··· Data records ···

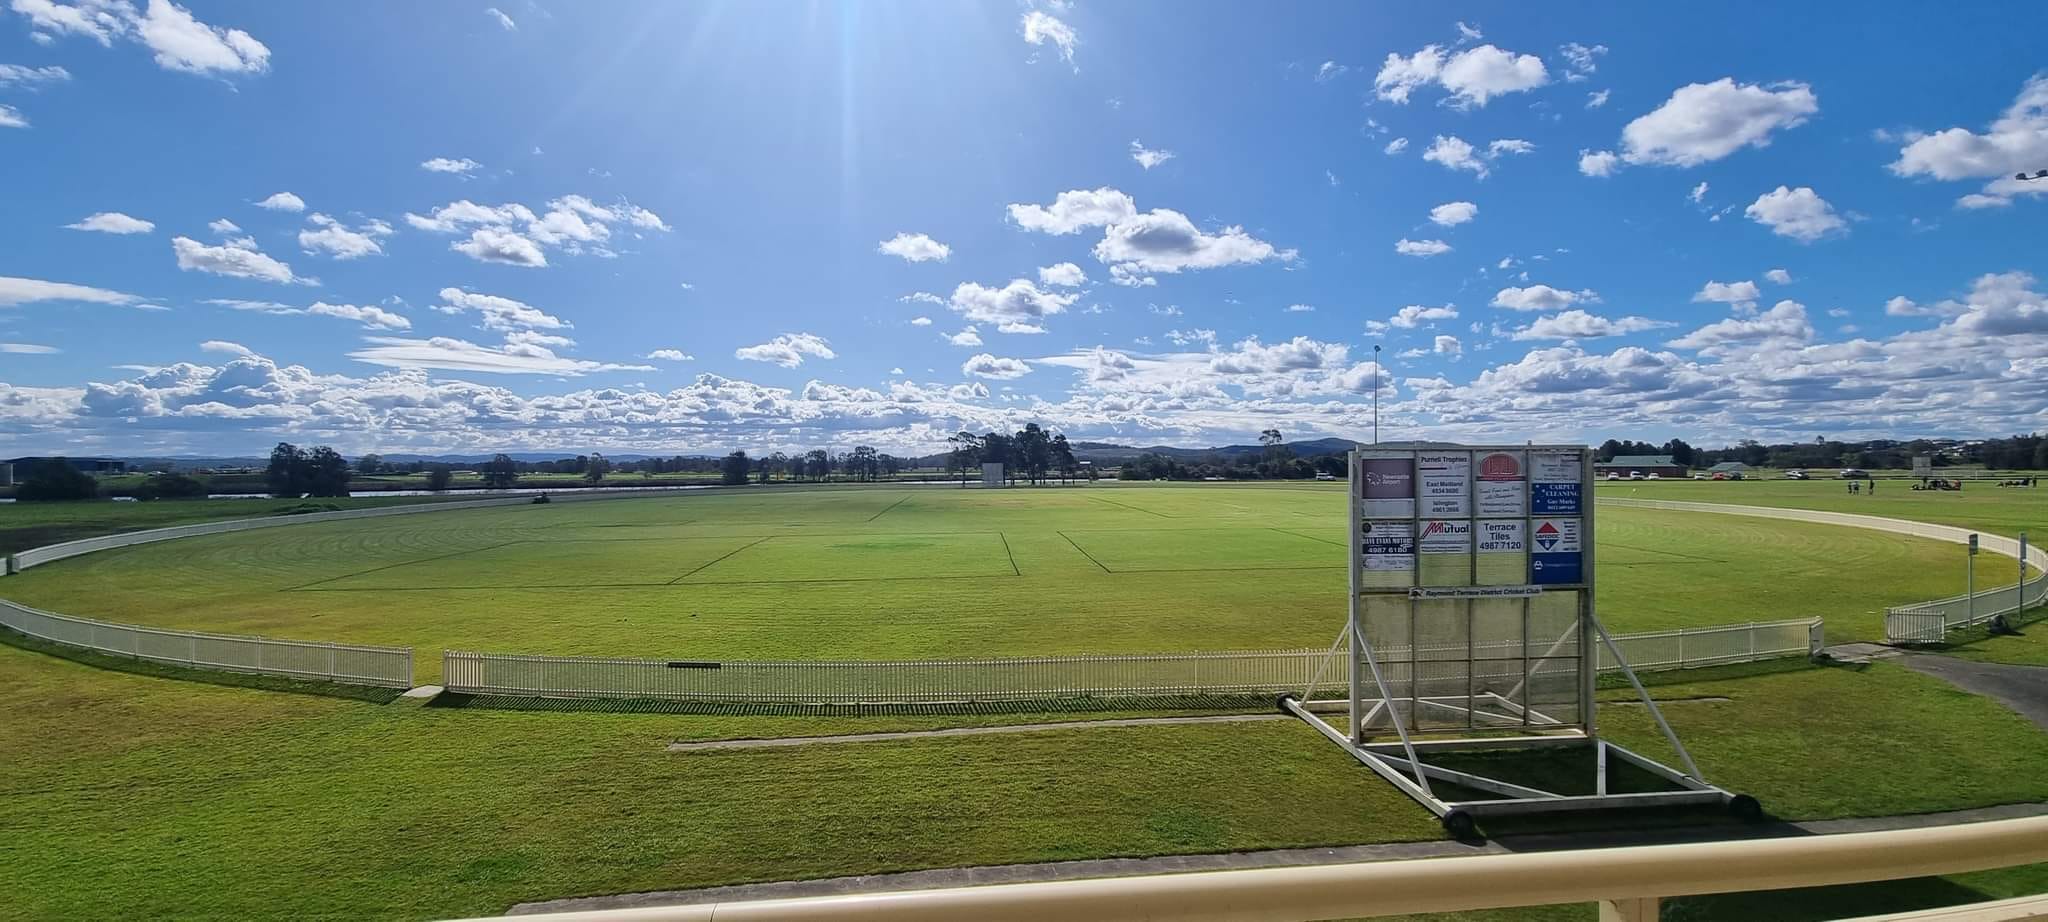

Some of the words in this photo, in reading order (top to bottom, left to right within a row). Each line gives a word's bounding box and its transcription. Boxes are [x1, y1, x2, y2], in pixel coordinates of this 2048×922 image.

[1442, 456, 1467, 464] Trophies
[1484, 523, 1516, 531] Terrace
[1490, 532, 1511, 540] Tiles
[1479, 541, 1499, 550] 4987
[1501, 541, 1521, 549] 7120
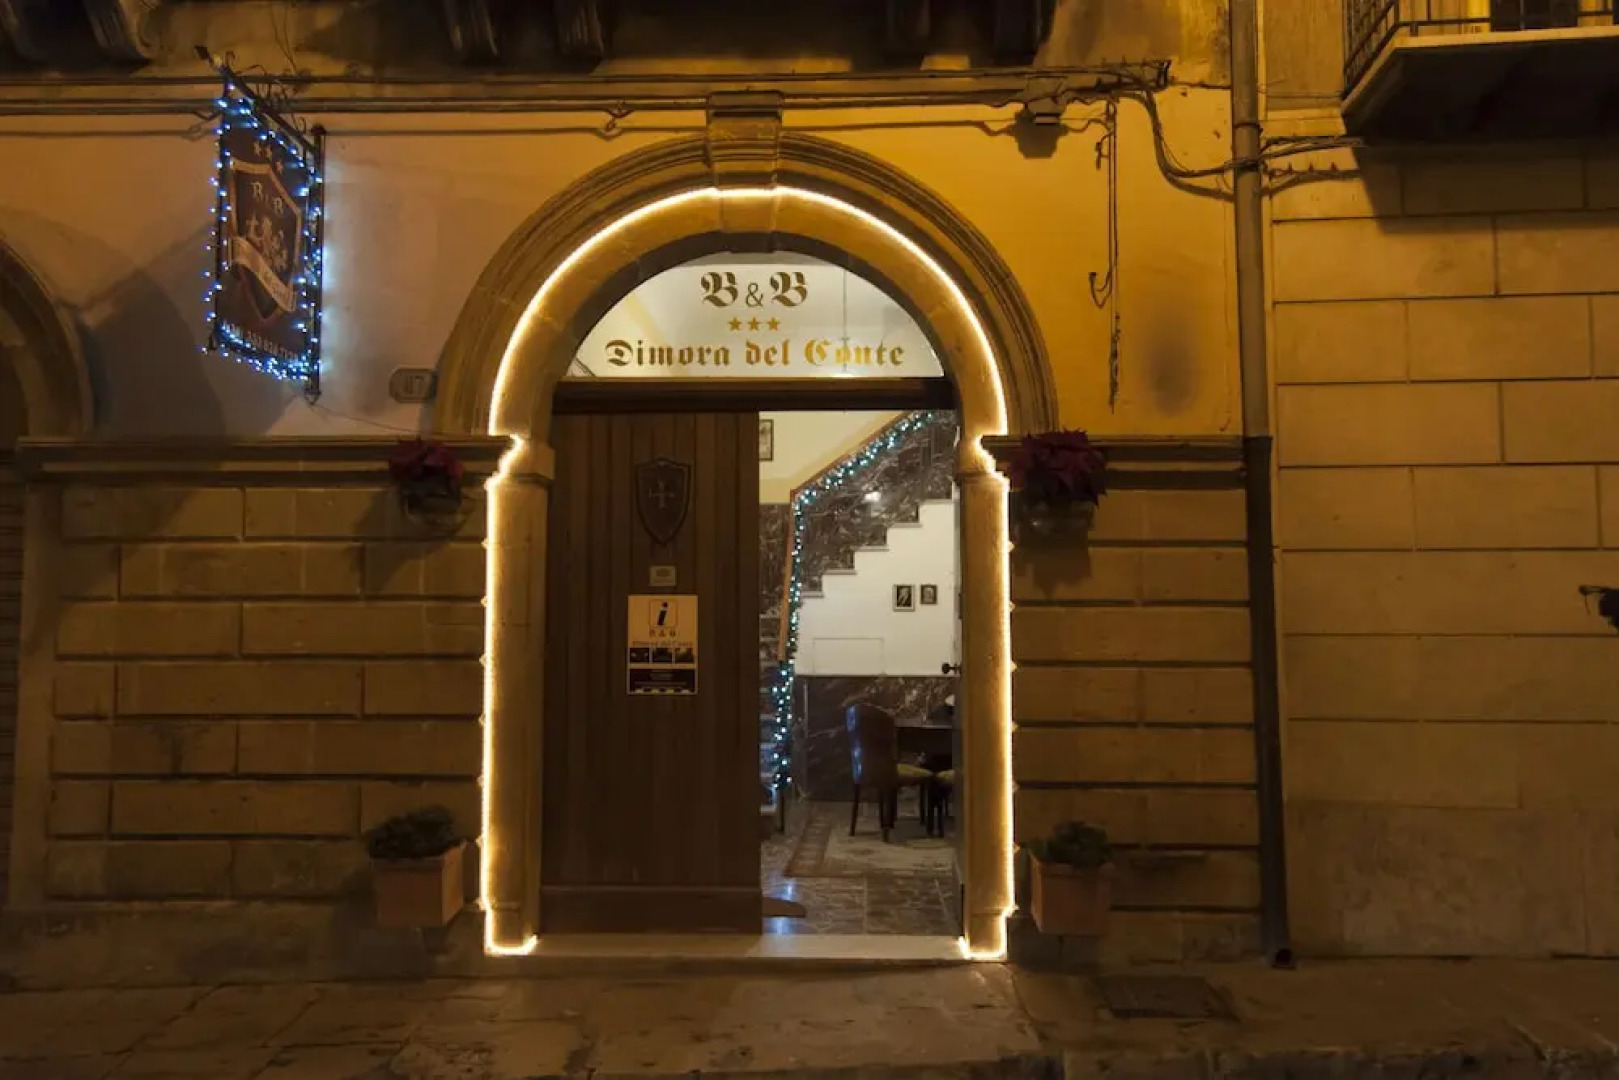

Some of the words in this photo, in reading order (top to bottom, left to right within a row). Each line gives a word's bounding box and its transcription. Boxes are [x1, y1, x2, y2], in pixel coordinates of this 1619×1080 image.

[701, 271, 739, 308] B
[745, 282, 764, 308] &
[769, 271, 808, 308] B
[605, 339, 730, 366] Dimora
[745, 338, 790, 366] del
[804, 338, 905, 366] Conte

···

_What you need to do:_ Give back every entry in full, exactly as written, with no picture included.

_Solution for this exercise:_
Some of the words in this photo, in reading order (top to bottom, left to right within a row). Each line gives a word's bounding box and its transcription. Boxes are [x1, y1, x2, y2], in pixel coordinates of this 2048×922 image.

[1442, 456, 1467, 464] Trophies
[1484, 523, 1516, 531] Terrace
[1490, 532, 1511, 540] Tiles
[1479, 541, 1499, 550] 4987
[1501, 541, 1521, 549] 7120

Some of the words in this photo, in reading order (top to bottom, left to right within a row). Each line gives a word's bounding box and its transcription. Boxes are [x1, y1, x2, y2], in pixel coordinates of this 1619×1080 image.

[701, 271, 739, 308] B
[745, 282, 764, 308] &
[769, 271, 808, 308] B
[605, 339, 730, 366] Dimora
[745, 338, 790, 366] del
[804, 338, 905, 366] Conte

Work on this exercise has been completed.